On the Eastside, coverage will extend from the Lloyd district to just south of Hawthorne Boulevard, and east about 25 blocks from the river.
The next phase of the wireless network will go "live" in about three months, though Logan Kleier, who manages the wireless network project for the city of Portland, could not yet say which areas of the city will be next to get coverage.
Portland's wireless project is one of the earliest large-scale projects to go live. The network will eventually cover 134 square miles.
MetroFi Inc., the California company that is building the network at a cost of about $10 million, expects to support it by selling advertising. A paid service, without ads, will be available for about $20 per month.
Portland plans to have some city services use the wireless network: the water bureau, for example, might have workers report meter readings via the network.
For now, just two Portland bureaus are getting connected to the wireless network: the office of neighborhood involvement and the office of sustainable development. Others should follow, Kleier said.
Dec 5, 2006, 3:01 AM
It will be interesting to see how this service works from inside buildings. I'll have to test it from my apartment.
Dec 5, 2006, 3:37 AM
wonder if I will be able to get it, I live just on the other side of the 405, like I go out my front door and there is the 405. Would be nice if I could pick it up from home.
Dec 6, 2006, 6:08 PM
Welcome to Wi-Fi
MetroFi wireless Web access, now covering part of downtown and the near east side, will be the largest free city network of its kind
Tuesday, December 05, 2006
Portland cuts the cord today, unveiling the first stage of a free wireless network that aspires to make Web access available throughout the city within 18 months.
Today's launch party -- at noon in Pioneer Courthouse Square -- marks the fruition of three years' work dating to 2003 when Wi-Fi "hot spots" were still a novelty. Portland conceived the network as a cheap alternative to Web access from phone and cable companies.
The city contracted with a small Silicon Valley company called MetroFi Inc. that is building, funding and operating the network. Questions remain about the network's capabilities and whether its bargain price is really the best deal for users.
If it works, Portland will be the first city in the nation with a free network on this scale.
"I think it will absolutely be a showcase for MetroFi as well as the city of Portland," said Chuck Haas, the company's chief executive.
"It'll definitely change the way people communicate," he said. "You no longer have to spend your time looking for a place to connect to your friends and family and business associates."

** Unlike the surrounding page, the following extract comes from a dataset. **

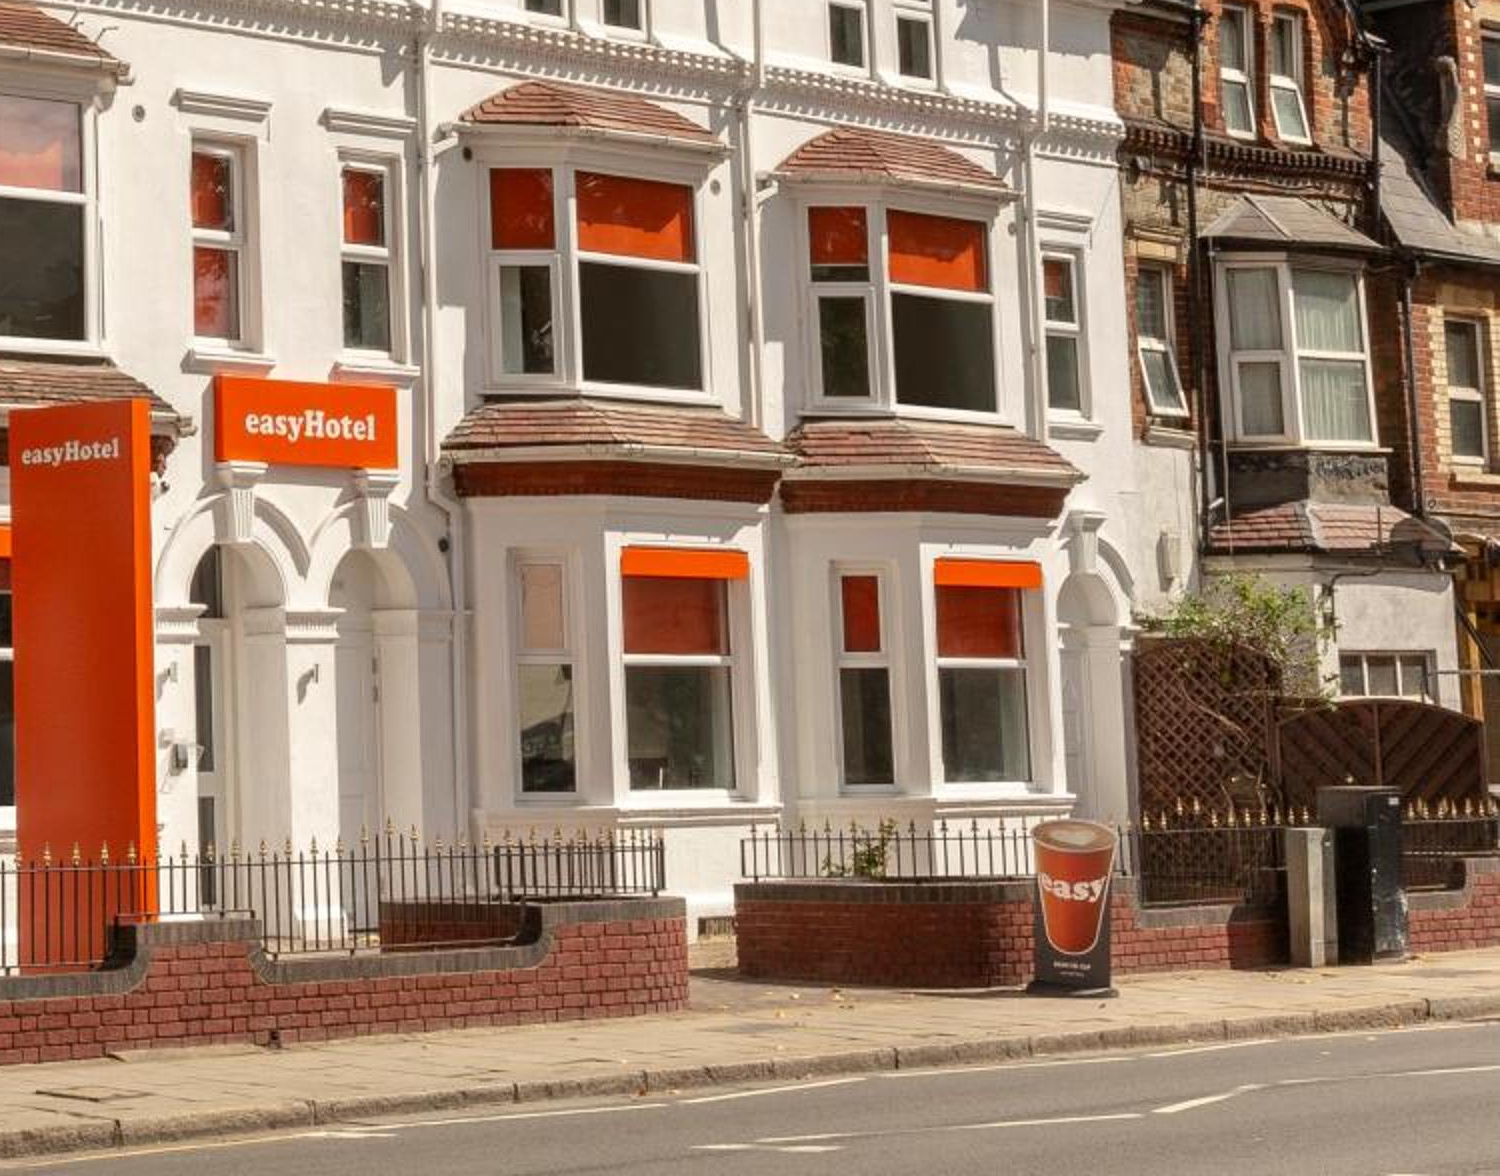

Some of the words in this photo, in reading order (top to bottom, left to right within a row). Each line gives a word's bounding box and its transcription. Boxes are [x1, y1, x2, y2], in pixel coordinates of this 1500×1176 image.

The initial phase of MetroFi's network, online today, covers parts of downtown and Portland's close-in east side. MetroFi plans to expand its service territory early next year, but hasn't said where it will go next. The company's contract calls on it to serve "95 percent" of the city by mid-2008.
With download speeds of 1.5 megabits per second, Web access over MetroFi's network is much faster than dial-up but not as fast as most DSL and cable Internet connections. Last month, Microsoft announced it will partner with MetroFi on the Portland network by directing ads to the service and creating a localized welcome page that displays news, weather and activities when users sign on.
By hiring MetroFi to take on the project, Portland shifted the project's financial risk to its private partner. Portland's risk is mainly cosmetic: The city hasn't committed to pay a dime for Web access, and if the network fails to meet expectations, the cost to taxpayers will be minimal.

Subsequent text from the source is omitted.